There are other equally important examples of opening communication. Blogs are one of the most powerful.
Through blogs, regular people at regular companies can communicate information real-time and can control how they do it and how they publicize it. That contrasts sharply with the very recent situation in which we were reliant on webmasters to manage our sites. I'm sure I am not the only one who felt the frustration of having information to update and not getting it up there in a timely fashion, or even at all.
Another great thing about blogs is that they are not just empowering for regular people and regular companies - but they are also empowering for BIG companies and important people with lots of sophisticated advertising and PR knowledge. Blogs can be scaled up and down, and integrated with corporate web-sites and include forums and customer communities and are a very viable tool for the big guys.
At the recent WOMMA conference, a big guy, Taylor Made Adidas presented about how they use a company blog and participate in forums to better connect with their audience.

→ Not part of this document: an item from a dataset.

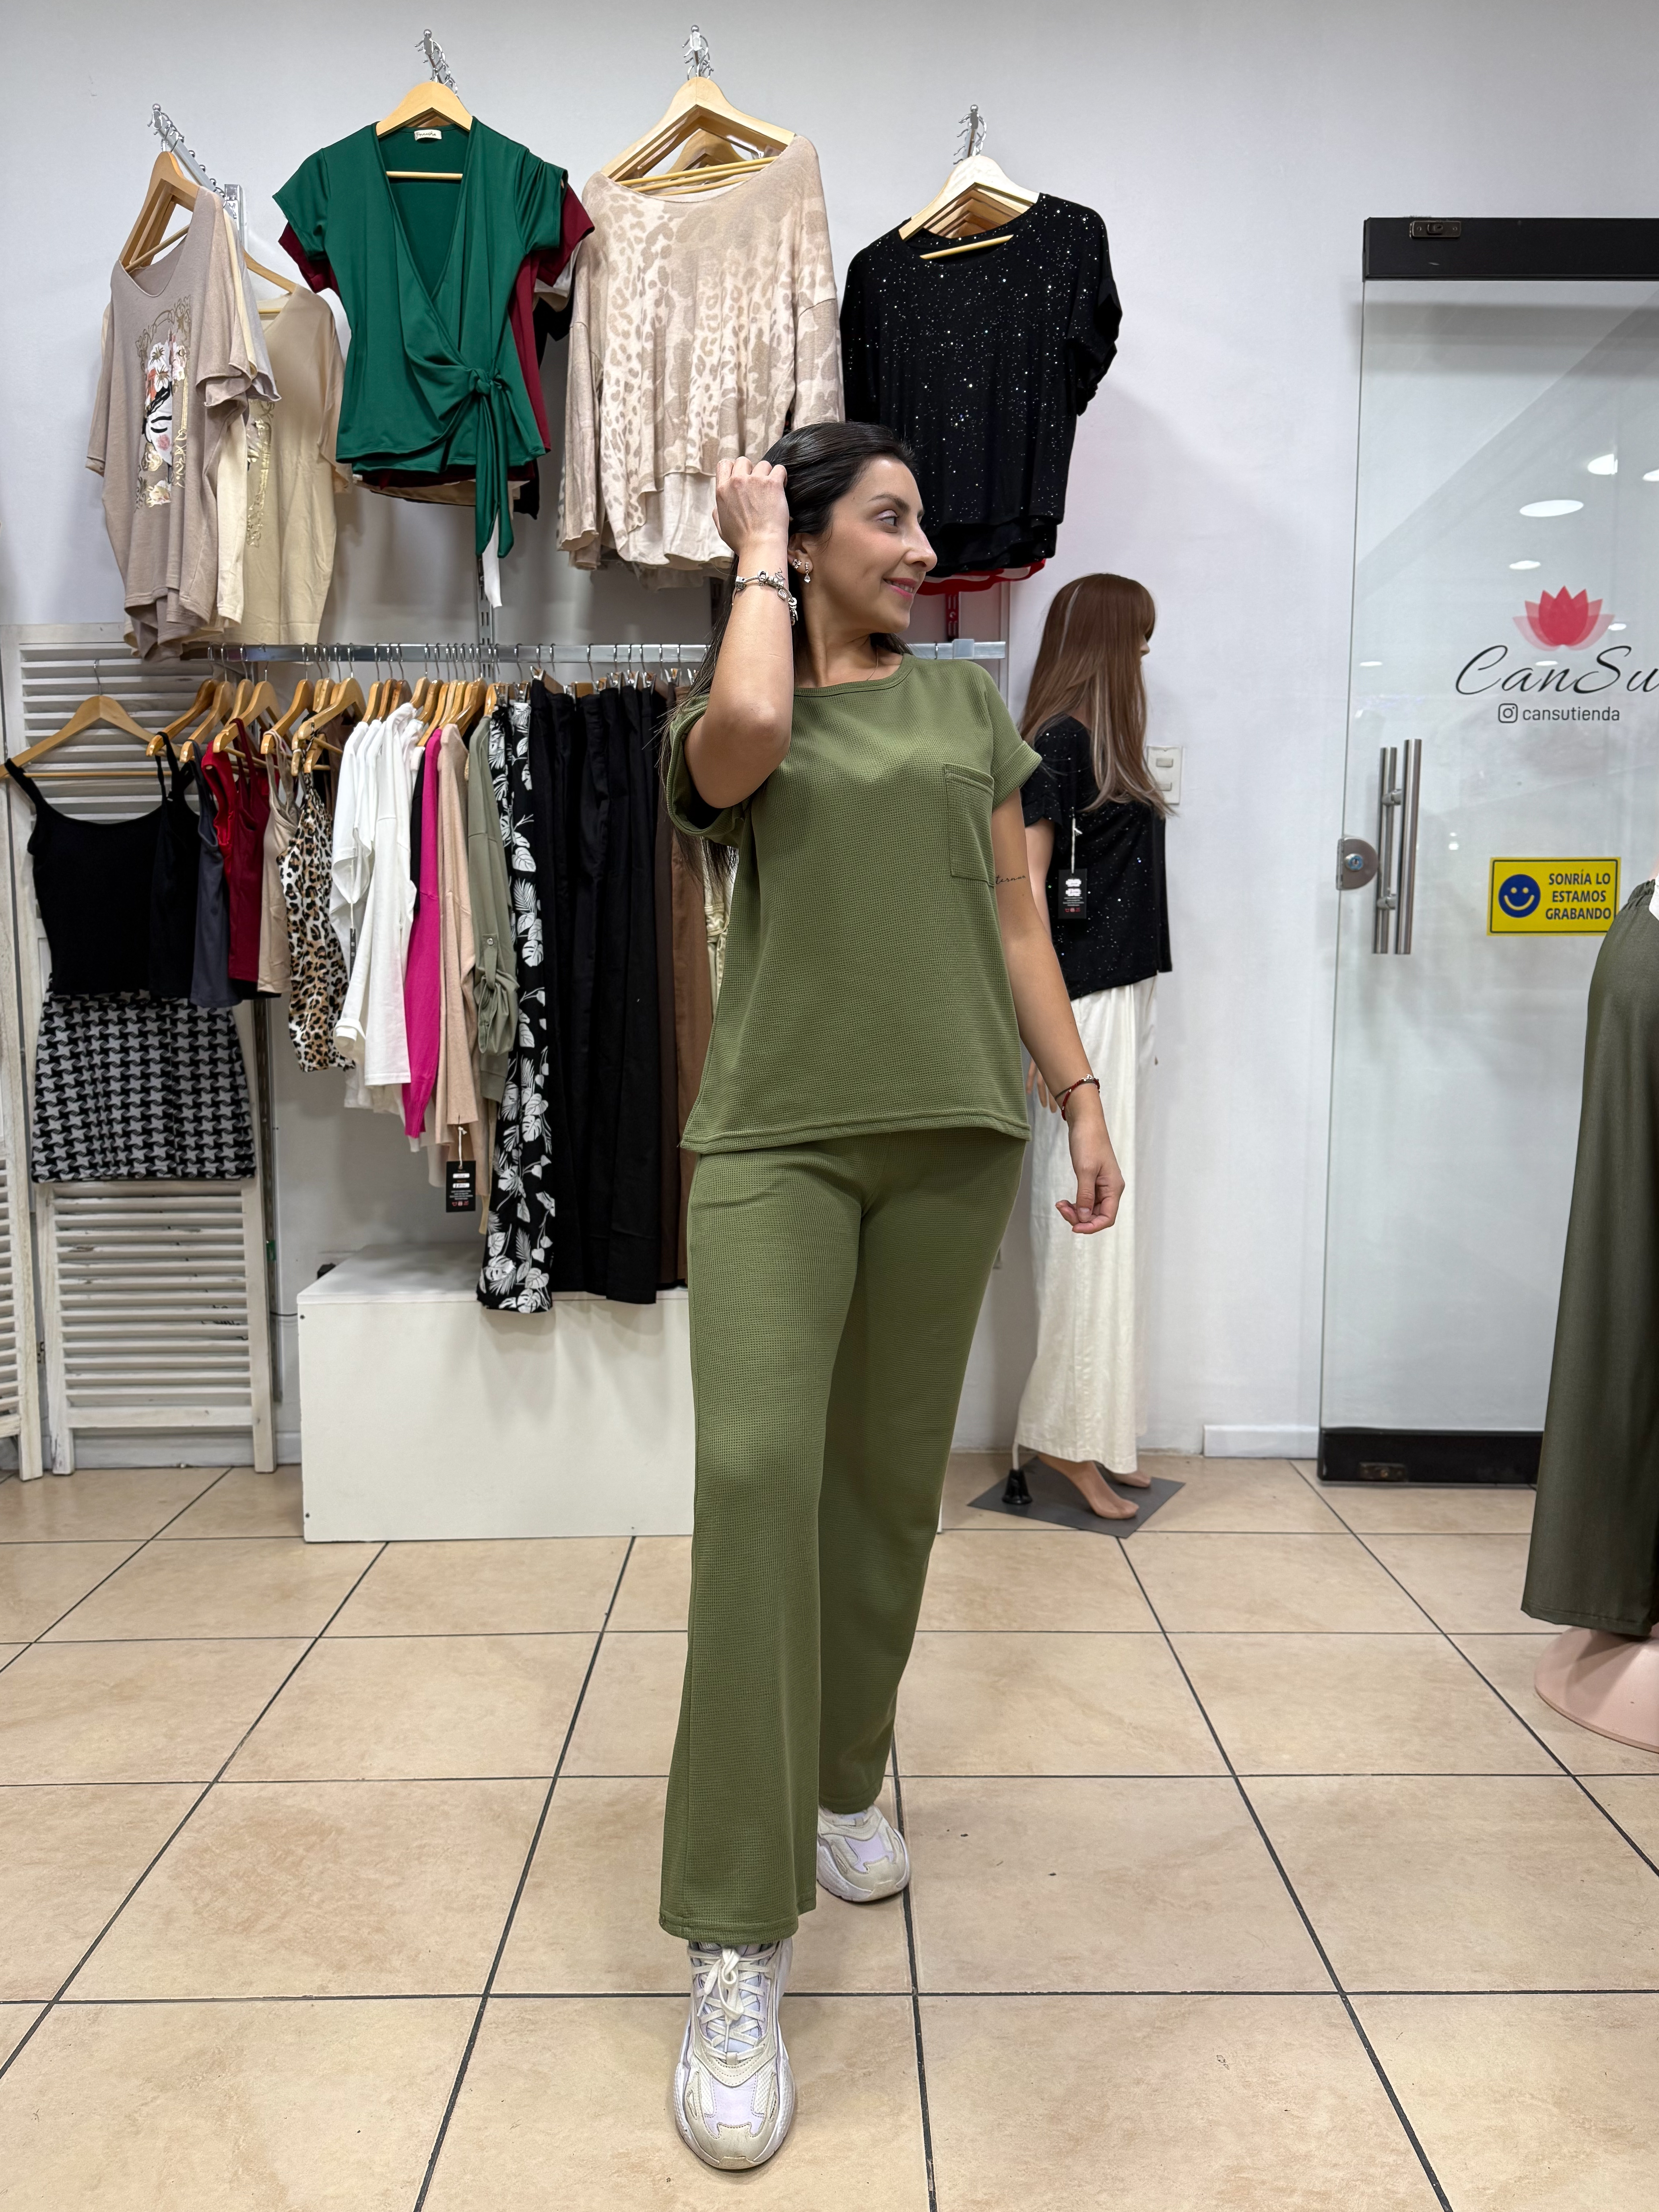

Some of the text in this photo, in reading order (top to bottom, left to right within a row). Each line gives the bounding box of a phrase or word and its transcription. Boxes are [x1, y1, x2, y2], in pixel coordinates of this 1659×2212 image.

They take this direct communication very seriously. (info on portfolio shown)
I have mentioned a few times that I am working with an organization called Communities in Schools. My goal is to help them open up a direct communication to their audience. Their situation is like many of ours.
- they have many audiences; donors, board members, volunteers, consituents (those served), schools systems (adminstrators and teachers)
- they have limited funds and people (who doesn't? I mean beside google and Microsoft..)
- they have a website that is hosted and controlled by an outside source; they cannot afford an inhouse webmaster
- they have lots to say and lots of advocates; but have difficulty reaching them
One of the main projects we are working on is to create a CIS Houston blog that is integrated into the brochure site such that the real-time information like news releases and success stories and events is updated and easy to access.
I saw a discussion on just this objective in Soflow today - here are some excerpts.
From Craig Peters -
Does anyone have good examples of URLs where a company has thrown out the notion of doing a traditional brochureware website and embraced the blog format as a platform for not just blog-style commentary of that industry, but also the conventional "corporate information | jobs | about us | etc." information?
From Adriana Cronin-Lukas -
The best example I can think of is The Adam Smith Institute - http://www.adamsmith.org/
EVerything you see (not just the blog) is powered by a blog software and every area of the site's content can be updated by a non-techie as easily as a blog. It took a few months to implement but it was worth it.
The ASI had a blog and a separate site for a while and they discovered that it's the blog that is the sould of their online presence. So they decided to use blogging platform for every aspect of their content.
From David Polinchock -
About a year ago, Tom Peters (In Search of Excellence, etc.) changed over his web site to an all blog format. You can check it out at http://www.tompeters.com/
From Harish Keshwani -
I have created a website for a client ( www.marysladekinsurance.com ) with a business blog seamlessly embeded within the site. I have used Wordpress and PHP to achieve this. I add content in the blog and then activate a link on the main page to point to the blog entry as I go. For example, to explain "life insurance", I create a blog entry and then add a link on home page for Life Insurance.